The sanity of this tradition is very powerful. What we are doing in taking the bodhisattva vow is magnificent and glorious. It is such a wholehearted and full tradition that those who have not joined it might feel somewhat wretched in comparison. They might be envious of such richness. But joining this tradition also makes tremendous demands on us. We no longer are intent on creating comfort for ourselves; we work with others. This implies working with our other as well as the other other. Our other is our projections and our sense of privacy and longing to make things comfortable for ourselves. The other other is the phenomenal world outside, which is filled with screaming kids, dirty dishes, confused spiritual practitioners, and assorted sentient beings.

So taking the bodhisattva vow is a real commitment based on the realisation of the suffering and confusion of oneself and others. The only way to break the chain reaction of confusion and pain and to work our way outward into the awakened state of mind is to take responsibility ourselves. If we do not deal with this situation of confusion, if we do not do something about it ourselves, nothing will ever happen. We cannot count on others to do it for us. It is our responsibility, and we have the tremendous power to change the course of the world’s karma. So in taking the bodhisattva vow, we are acknowledging that we are not going to be instigators of further chaos and misery in the world, but we are going to be liberators, bodhisattvas, inspired to work on ourselves as well as with other people.

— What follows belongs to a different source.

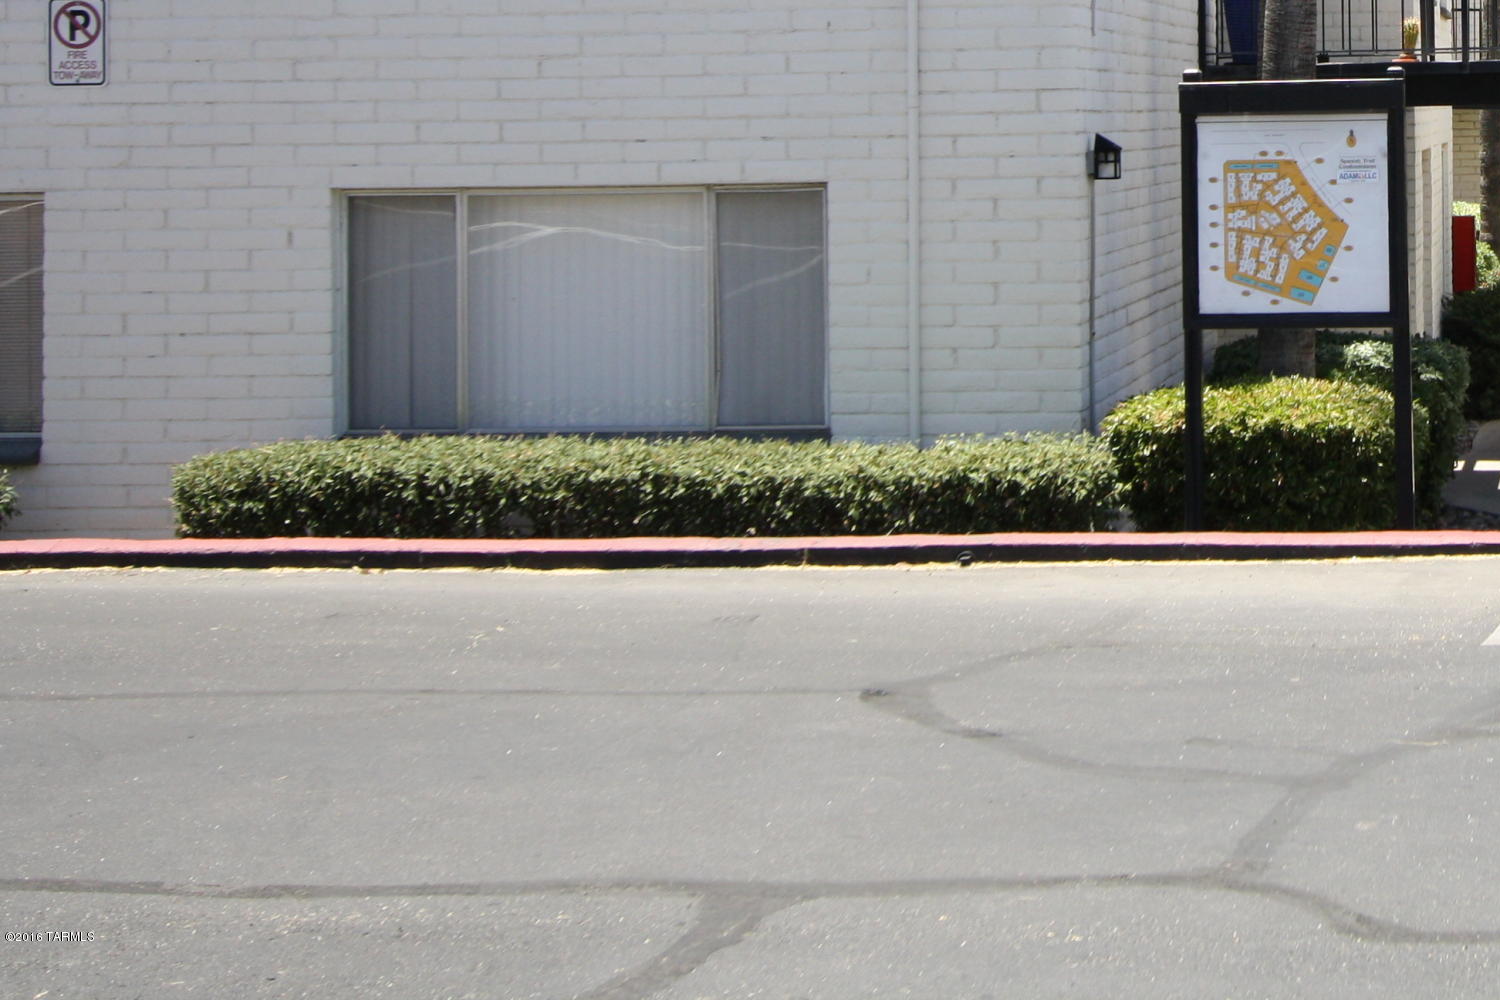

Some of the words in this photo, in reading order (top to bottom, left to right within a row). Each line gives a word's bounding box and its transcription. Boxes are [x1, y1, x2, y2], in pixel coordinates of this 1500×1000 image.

[67, 50, 87, 59] FIRE
[59, 60, 97, 70] ACCESS
[53, 71, 102, 79] TOW-AWAY

There is tremendous inspiration in having decided to work with others. We no longer try to build up our own grandiosity. We simply try to become human beings who are genuinely able to help others; that is, we develop precisely that quality of selflessness which is generally lacking in our world. Following the example of Gautama Buddha, who gave up his kingdom to dedicate his time to working with sentient beings, we are finally becoming useful to society.